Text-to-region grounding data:
————
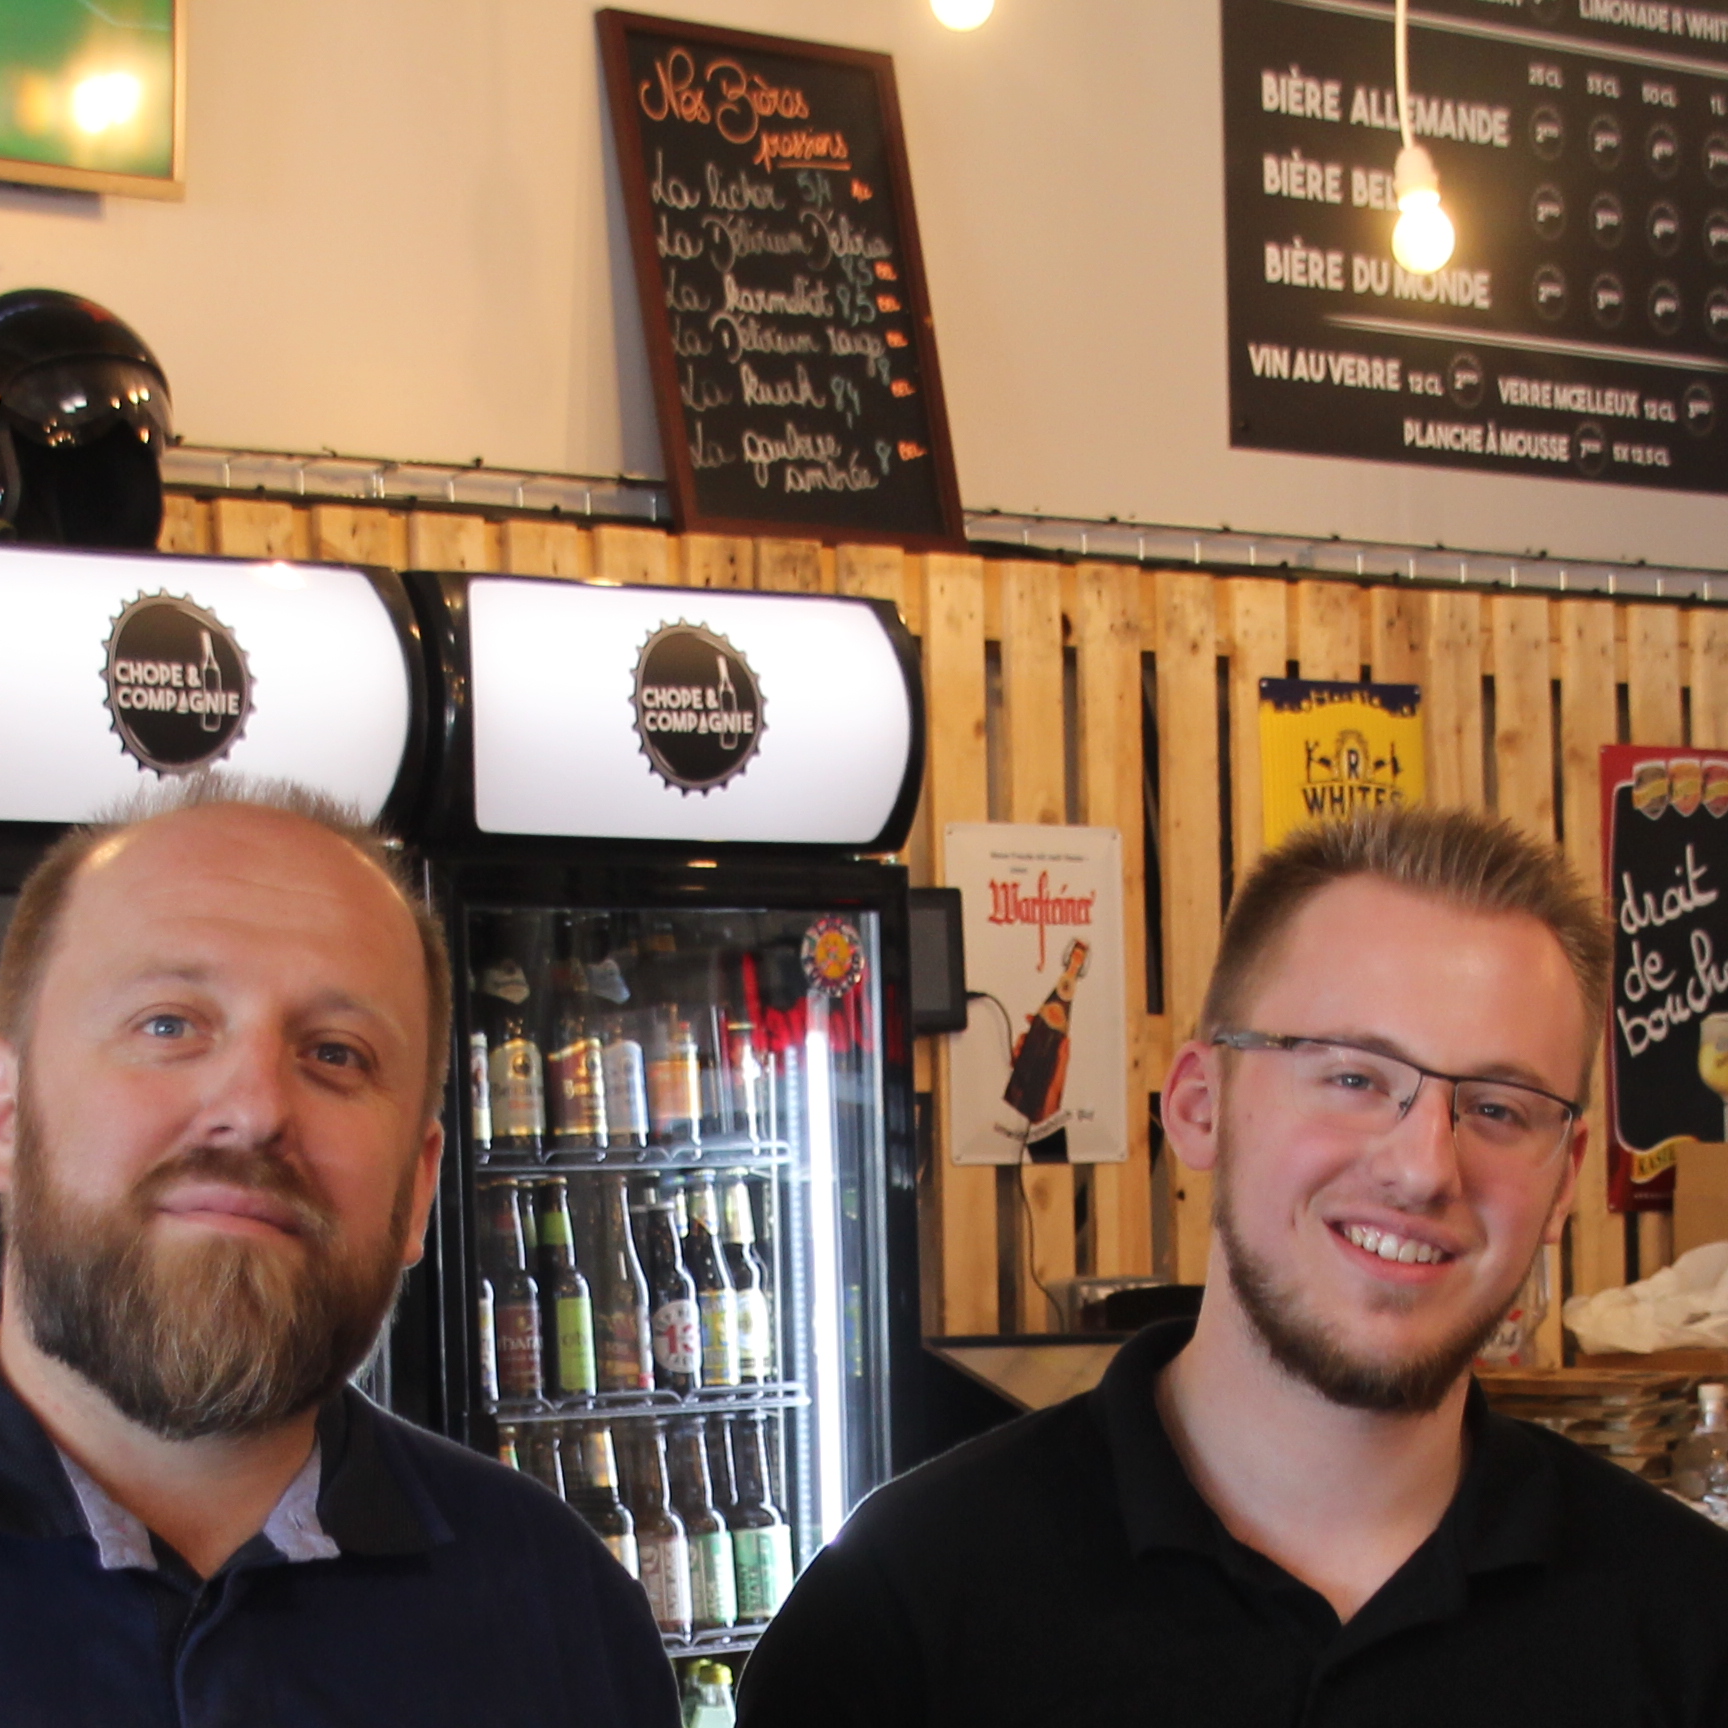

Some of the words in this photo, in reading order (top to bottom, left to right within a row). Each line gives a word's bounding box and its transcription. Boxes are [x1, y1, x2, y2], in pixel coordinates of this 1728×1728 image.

[1579, 0, 1670, 34] LIMONADE
[1671, 10, 1684, 36] R
[640, 46, 711, 124] Nos
[705, 58, 810, 144] Bières
[1262, 63, 1342, 122] BIÈRE
[1350, 84, 1511, 147] ALLEMANDE
[651, 145, 700, 211] La
[1263, 147, 1342, 204] BIÈRE
[657, 213, 704, 259] La
[665, 267, 710, 312] La
[1264, 235, 1345, 291] BIÈRE
[1352, 254, 1390, 296] DU
[1393, 263, 1492, 310] MONDE
[680, 364, 732, 412] La
[1248, 343, 1290, 380] VIN
[1292, 350, 1326, 382] AU
[1327, 353, 1401, 392] VERRE
[1498, 376, 1553, 409] VERRE
[690, 420, 736, 470] La
[1403, 416, 1484, 454] PLANCHE
[1500, 428, 1572, 463] MOUSSE
[115, 660, 184, 687] CHOPE
[186, 664, 202, 688] &
[117, 687, 240, 716] COMPAGNIE
[642, 687, 703, 710] CHOPE
[705, 687, 719, 710] &
[645, 710, 754, 734] COMPAGNIE
[1348, 750, 1359, 779] R
[1621, 843, 1718, 934] droit
[1625, 940, 1676, 1001] de
————
* [DIRECTIONS]:
With the pictures omitted, give every line above again exactly.

* [SOLUTION FOR THIS PROBLEM]:
Some of the words in this photo, in reading order (top to bottom, left to right within a row). Each line gives a word's bounding box and its transcription. Boxes are [x1, y1, x2, y2], in pixel coordinates of this 1728×1728 image.

[1579, 0, 1670, 34] LIMONADE
[1671, 10, 1684, 36] R
[640, 46, 711, 124] Nos
[705, 58, 810, 144] Bières
[1262, 63, 1342, 122] BIÈRE
[1350, 84, 1511, 147] ALLEMANDE
[651, 145, 700, 211] La
[1263, 147, 1342, 204] BIÈRE
[657, 213, 704, 259] La
[665, 267, 710, 312] La
[1264, 235, 1345, 291] BIÈRE
[1352, 254, 1390, 296] DU
[1393, 263, 1492, 310] MONDE
[680, 364, 732, 412] La
[1248, 343, 1290, 380] VIN
[1292, 350, 1326, 382] AU
[1327, 353, 1401, 392] VERRE
[1498, 376, 1553, 409] VERRE
[690, 420, 736, 470] La
[1403, 416, 1484, 454] PLANCHE
[1500, 428, 1572, 463] MOUSSE
[115, 660, 184, 687] CHOPE
[186, 664, 202, 688] &
[117, 687, 240, 716] COMPAGNIE
[642, 687, 703, 710] CHOPE
[705, 687, 719, 710] &
[645, 710, 754, 734] COMPAGNIE
[1348, 750, 1359, 779] R
[1621, 843, 1718, 934] droit
[1625, 940, 1676, 1001] de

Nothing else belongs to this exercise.